A month after its acquisition of lifestyle golf company Ashworth Inc, TaylorMade-Adidas Golf is downsizing the combined workforce of the two companies.

Around 170 Ashworth workers are to lose their jobs - or 8% of the 2,000 people employed by the joint firm - over the next 12 months through cuts and attrition.

TaylorMade spokesman Scott Leightman told just-style the move will help the company bring Ashworth back to prominence.

"We're confident we can return it to that level," he said, but "we can't operate it at a status quo." 

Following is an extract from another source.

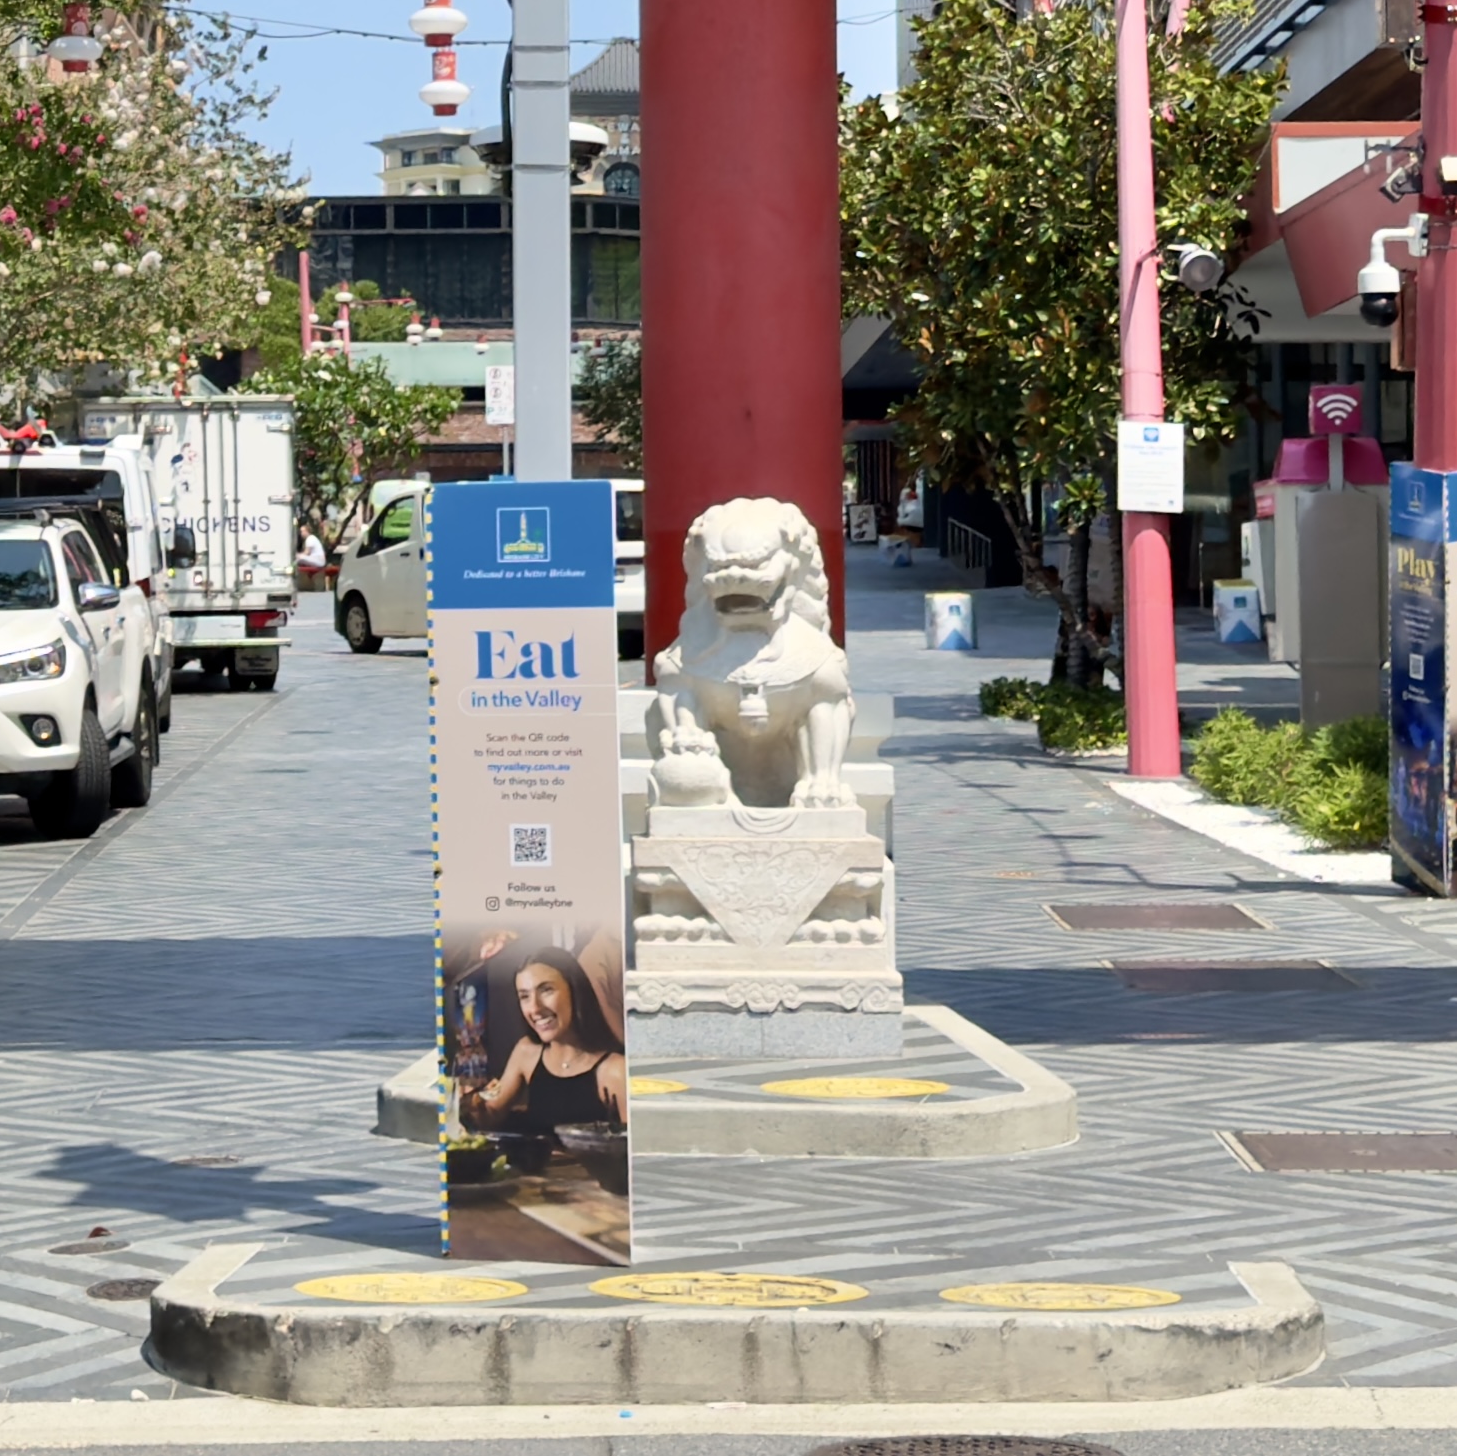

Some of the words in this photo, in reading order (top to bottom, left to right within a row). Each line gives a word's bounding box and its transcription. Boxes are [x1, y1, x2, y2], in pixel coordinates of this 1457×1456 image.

Leightman added that while the Adidas Golf and Ashworth brand characteristics are clearly distinct, "integrating the business functions of the two brands puts us in the best position to achieve success and to best serve our customers and consumers.

"The business synergies we can take advantage of through our Adidas Group will allow us to achieve success with the Ashworth brand in a way they were unable to in recent years."

In September, Ashworth nearly doubled its third quarter losses to $9.6m on falling revenues and dwindling margins and hired an financial firm to advise on a possible sell-off.

TaylorMade-Adidas bought Ashworth in November for $28.1m in cash and the assumption of $46.3m in debt, in a deal that makes it one of the world's leading golf apparel companies.

The subsidiary of sporting goods giant Adidas Group said the acquisition would enable it to widen its product range, strengthen its distribution platform and give it an opportunity to extend its marketing presence.

Headquartered in Carlsbad, California, TaylorMade-Adidas Golf sells golf clubs and balls under the TaylorMade brand and Adidas Golf footwear and apparel.

The unit posted sales of EUR804m (US$1,085m) in 2007 and has seen first-half sales rise 11% in the current fiscal year.